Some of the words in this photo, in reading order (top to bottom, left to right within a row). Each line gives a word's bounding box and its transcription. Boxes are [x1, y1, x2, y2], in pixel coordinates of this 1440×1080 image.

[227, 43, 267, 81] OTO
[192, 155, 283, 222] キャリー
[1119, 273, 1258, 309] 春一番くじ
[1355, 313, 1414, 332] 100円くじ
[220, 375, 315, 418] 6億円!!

────────────────────────────────────────

# WHAT IS EXPECTED:
Repeat the material exactly. Every line should match.

# ANSWER FOR THIS EXERCISE:
Some of the words in this photo, in reading order (top to bottom, left to right within a row). Each line gives a word's bounding box and its transcription. Boxes are [x1, y1, x2, y2], in pixel coordinates of this 1440×1080 image.

[227, 43, 267, 81] OTO
[192, 155, 283, 222] キャリー
[1119, 273, 1258, 309] 春一番くじ
[1355, 313, 1414, 332] 100円くじ
[220, 375, 315, 418] 6億円!!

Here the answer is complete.